Using ethnographic methods, BHC developed “journey maps” as a monitoring tool to follow key service issues over time. Several urban health-related issues were identified in each city. For this paper, we focus on wastewater management, which was a serious health issue in both cities. Qualitative data were collected from citizens in one neighborhood and city officials quarterly starting in early 2018; these data were supplemented by city spending data, usage statistics, photos and news articles. In both cities, the journey maps captured notable changes during the first 2 years of the project. At the start of the journeys (2018), informal settlement citizens in Indore reported poor drainage which was compounded by trash, narrow roads blocking vehicular removal of waste, and unsafe infrastructure leading to waterborne diseases and injuries (including several child deaths). Likewise in Makassar, dirty water overflowed from open drains due to frequent flooding and garbage. Citizens reported exposure to diarrhea, dengue and skin symptoms due to the drains, which was confirmed by the local health post. By the end of Year 2 (2019), these journeys captured increasing dialogue between citizens and the city, which resulted in several improvements. In Indore, changes included garbage vans built for narrow streets and construction of a safer bridge.
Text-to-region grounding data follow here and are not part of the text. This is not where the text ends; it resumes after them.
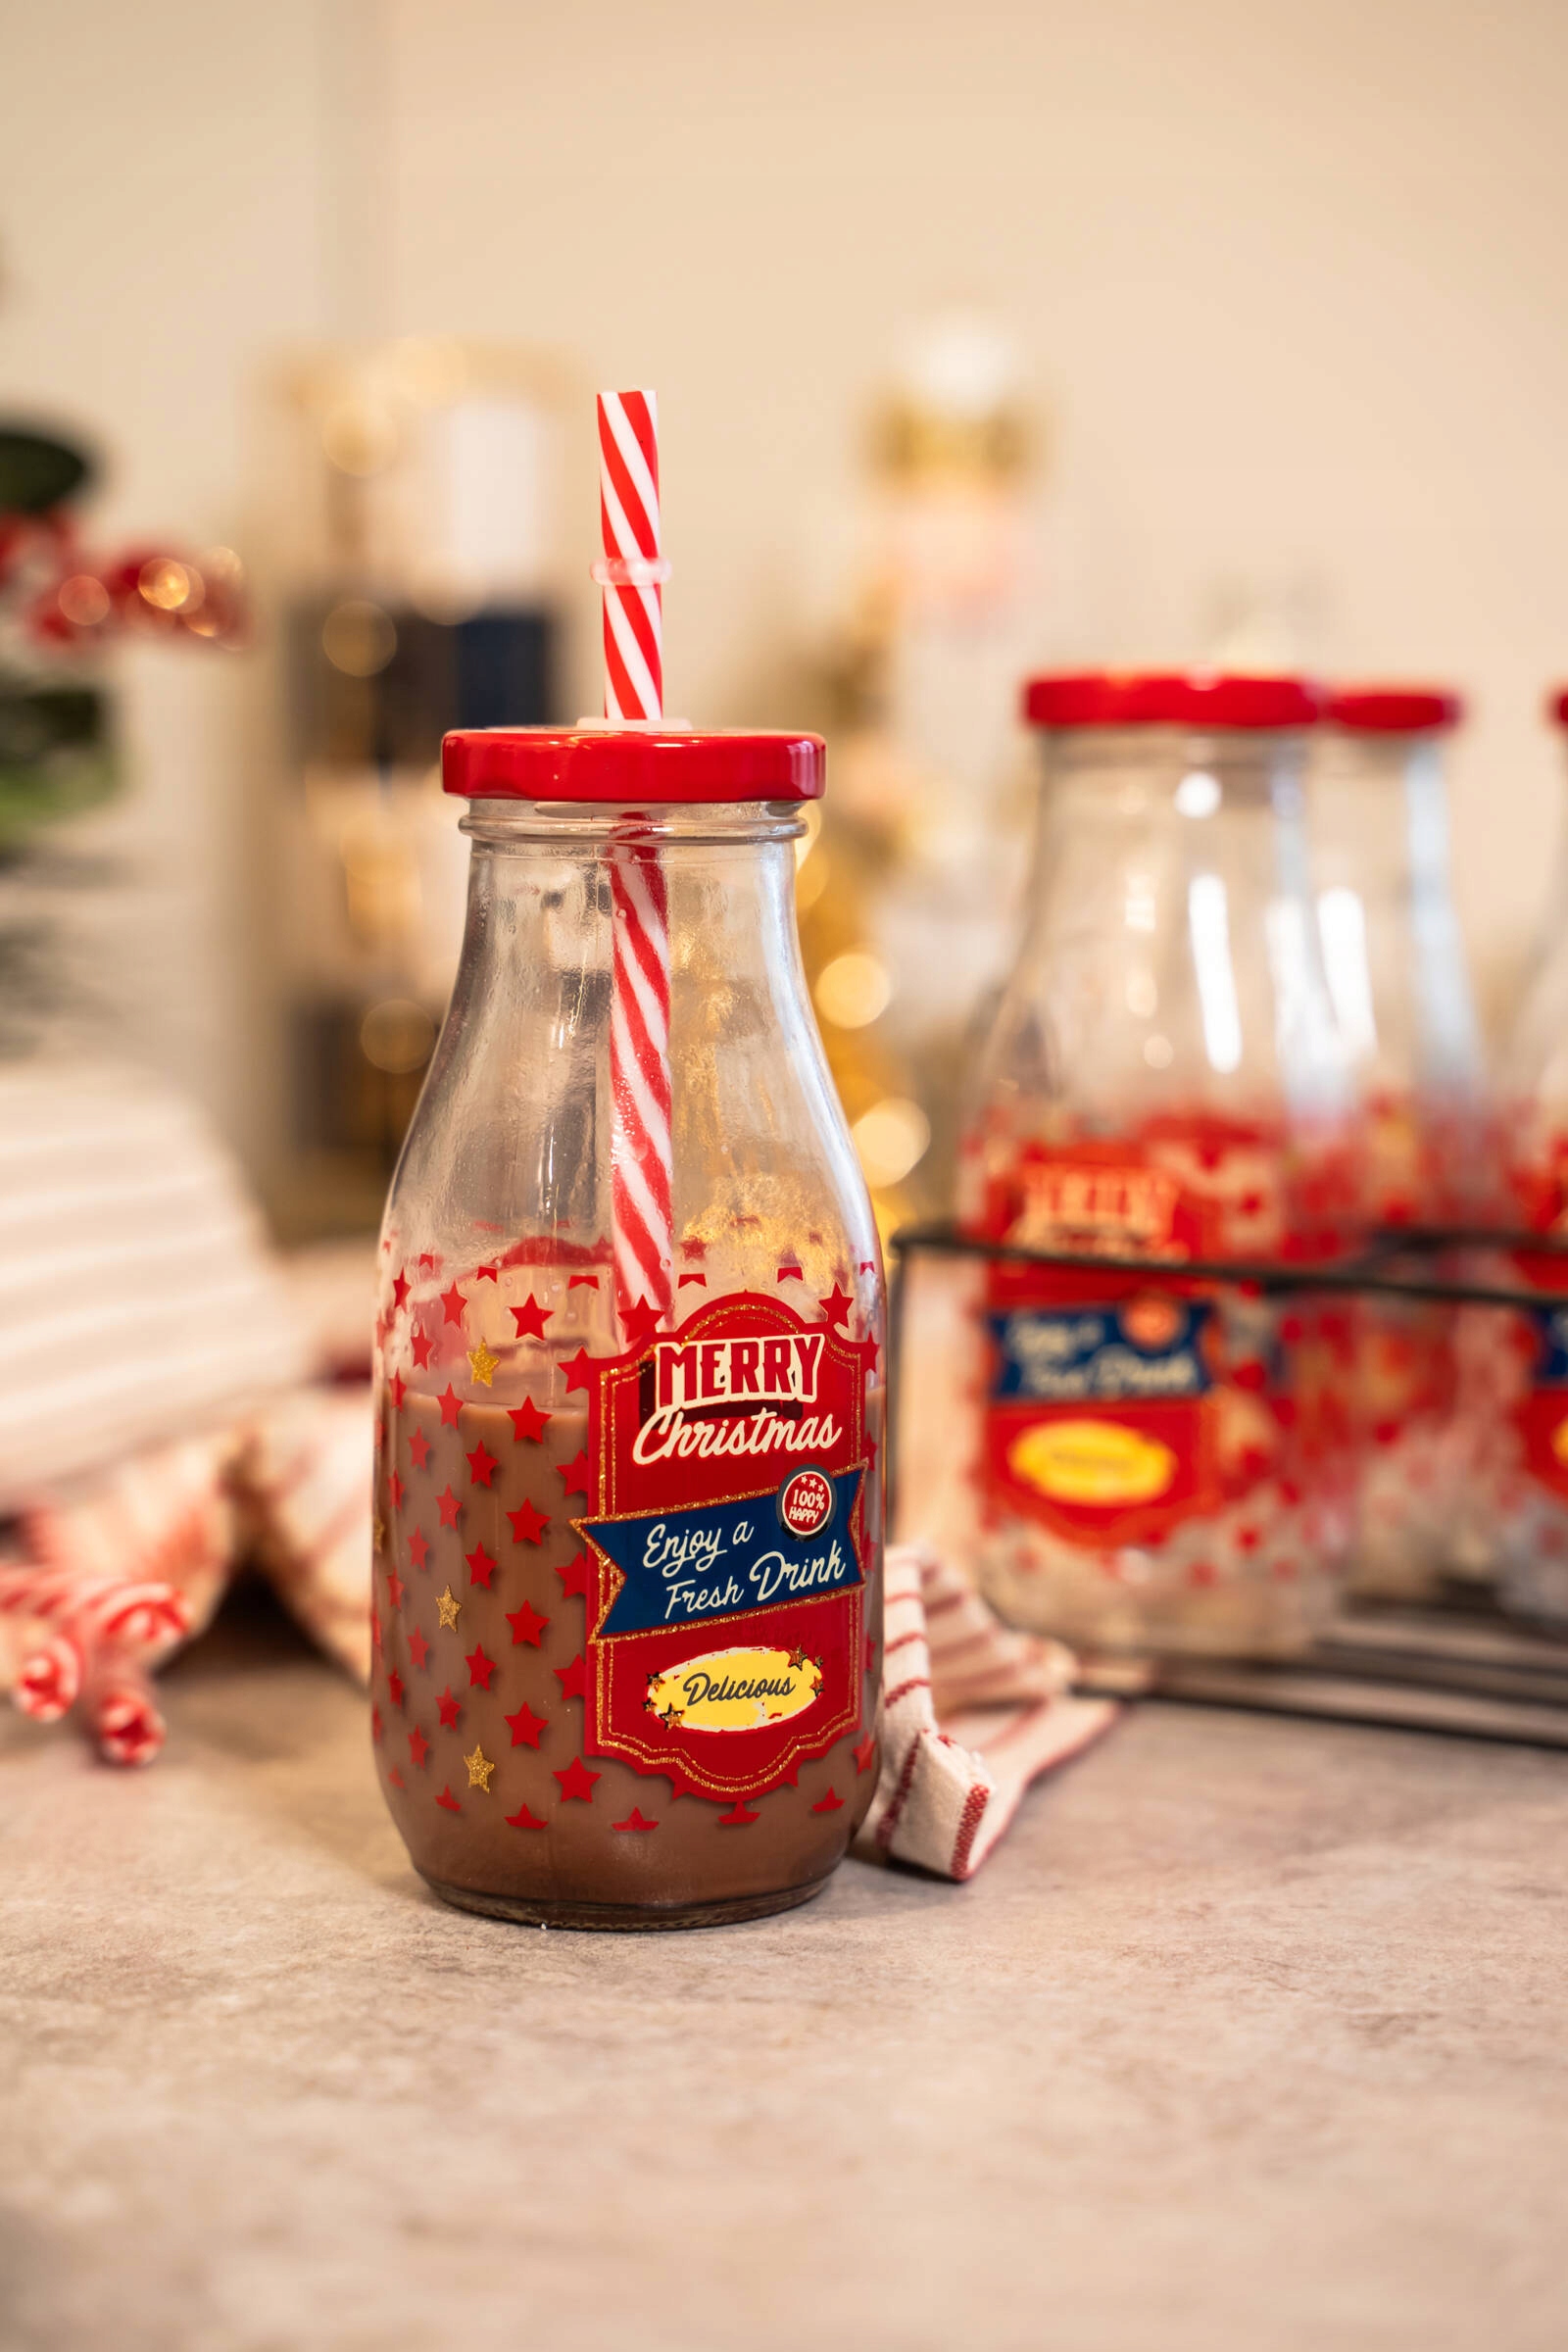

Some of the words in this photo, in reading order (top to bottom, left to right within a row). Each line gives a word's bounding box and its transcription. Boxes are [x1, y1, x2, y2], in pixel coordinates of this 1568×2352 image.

[655, 1334, 825, 1411] MERRY
[633, 1406, 842, 1465] Christmas
[788, 1505, 819, 1525] HAPPY
[792, 1488, 825, 1510] 100%
[643, 1522, 728, 1579] Enjoy
[732, 1519, 755, 1546] a
[663, 1578, 745, 1620] Fresh
[749, 1540, 846, 1601] Drink
[683, 1672, 795, 1706] Delicious
In Makassar, while they still suffer from seasonal flooding, the city has increased garbage pickup, included drainage activities in the village-level budgeting process, and a slum improvement project has pledged funding to improve drainage and street issues in 41 neighborhoods. Journey maps work on the premise that capturing a community’s experience and relaying it to government officials can bring about positive change. They also provide crucial grassroots level evidence to support more traditional research findings, which can lead to effective urban health solutions. As this work continues, BHC is training citizens to collect and share their own journeys.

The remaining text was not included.